## DIRECTIONS
Each record should be given again exactly as it appears, with no image included.

## AVAILABLE RECORDS
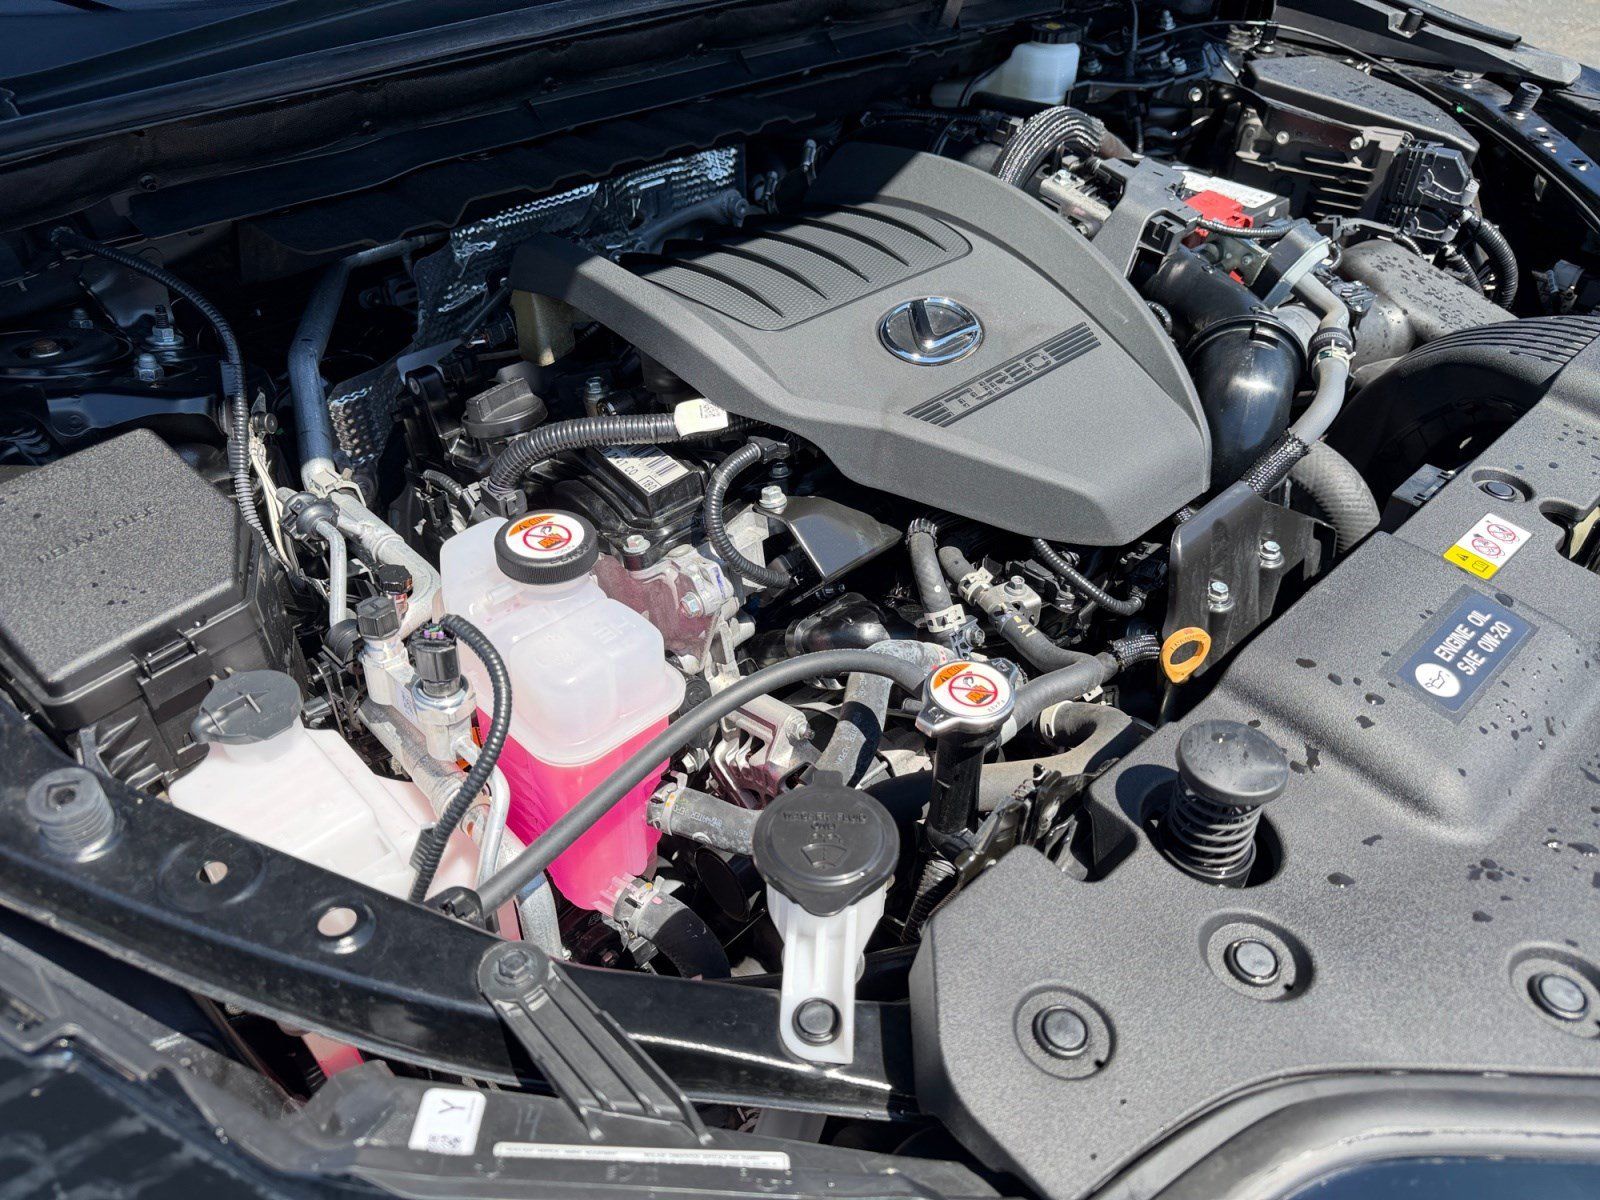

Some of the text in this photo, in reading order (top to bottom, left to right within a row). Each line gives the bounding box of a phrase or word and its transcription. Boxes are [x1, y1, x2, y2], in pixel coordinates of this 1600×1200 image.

[943, 352, 1052, 408] TURBO
[1433, 609, 1492, 663] ENGINE OIL
[1456, 620, 1512, 677] SAE 0W-20
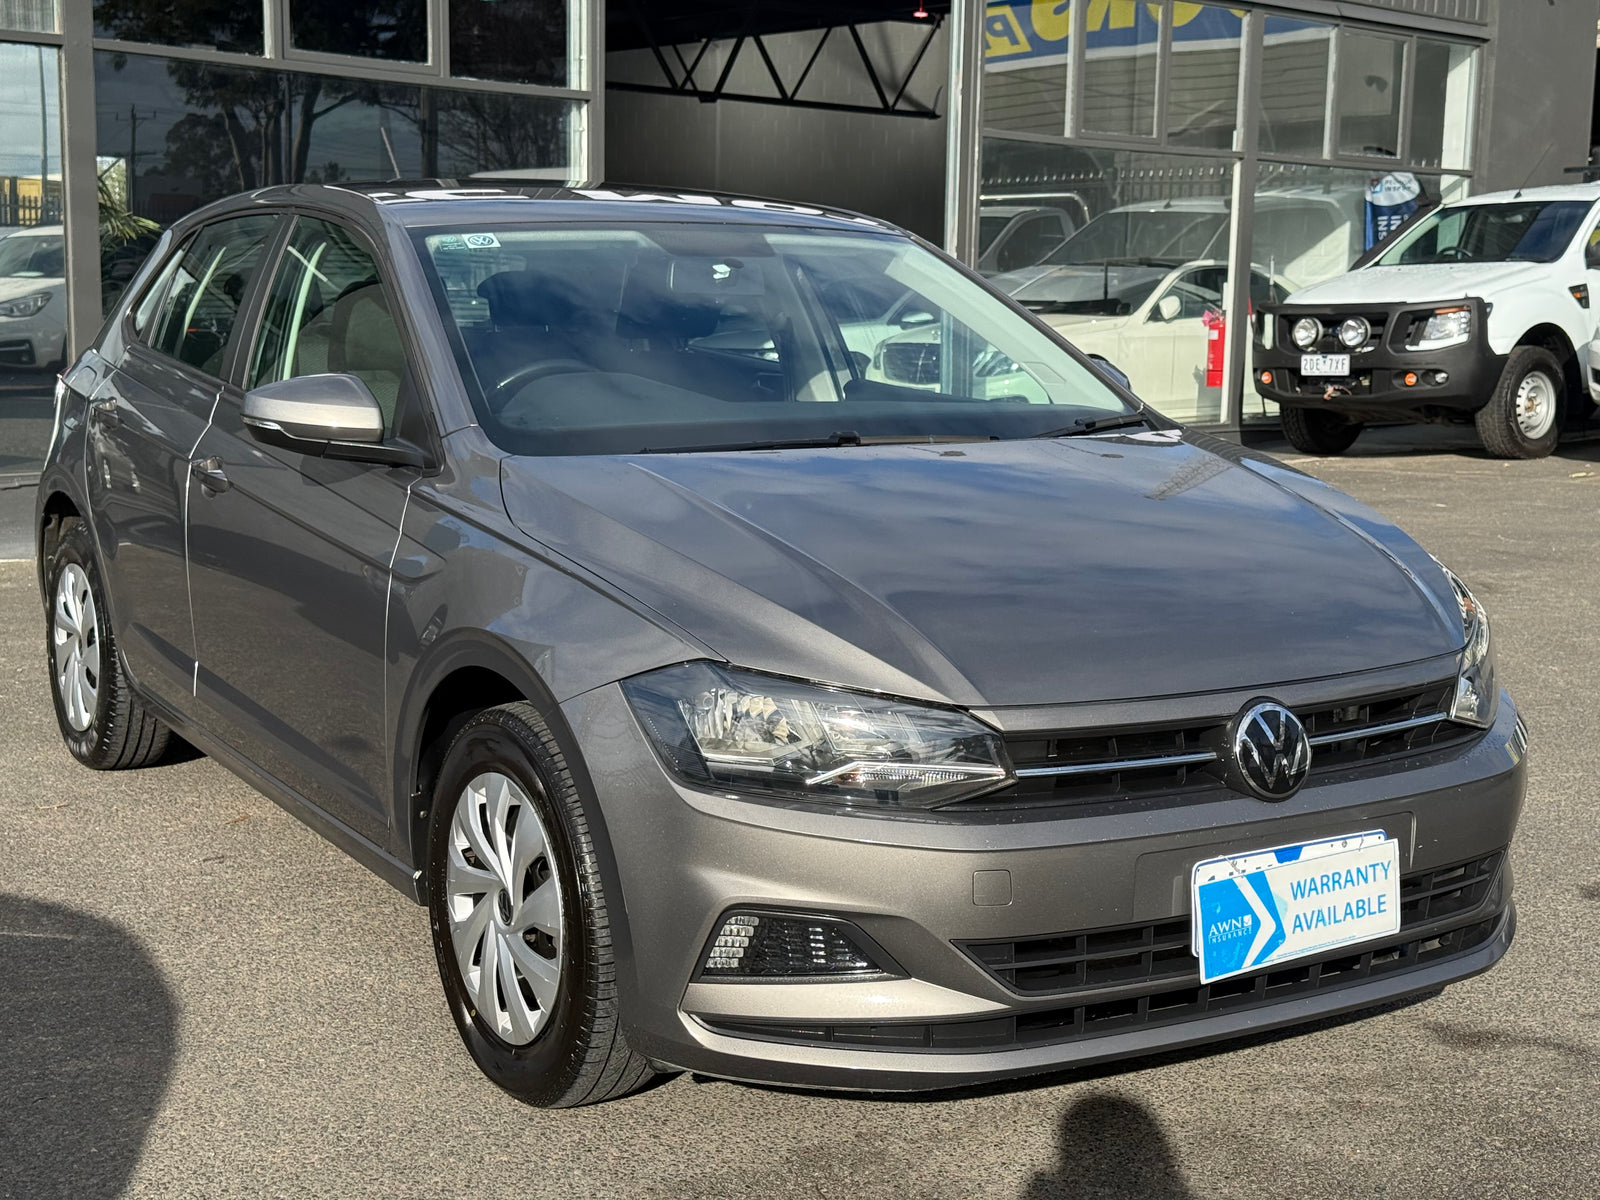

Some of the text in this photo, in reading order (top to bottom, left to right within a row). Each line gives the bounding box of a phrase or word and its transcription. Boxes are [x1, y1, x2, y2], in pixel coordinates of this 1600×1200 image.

## EXERCISE RESPONSE
Some of the text in this photo, in reading order (top to bottom, left to right within a row). Each line gives the bounding box of a phrase or word and its transcription. Boxes are [x1, y1, x2, y2], in pixel coordinates of this 1600×1200 image.

[943, 352, 1052, 408] TURBO
[1433, 609, 1492, 663] ENGINE OIL
[1456, 620, 1512, 677] SAE 0W-20

Some of the text in this photo, in reading order (top to bottom, left to right within a row). Each line gives the bounding box of a phrase or word and its transcription. Boxes are [x1, y1, x2, y2], in pixel coordinates of this 1600×1200 image.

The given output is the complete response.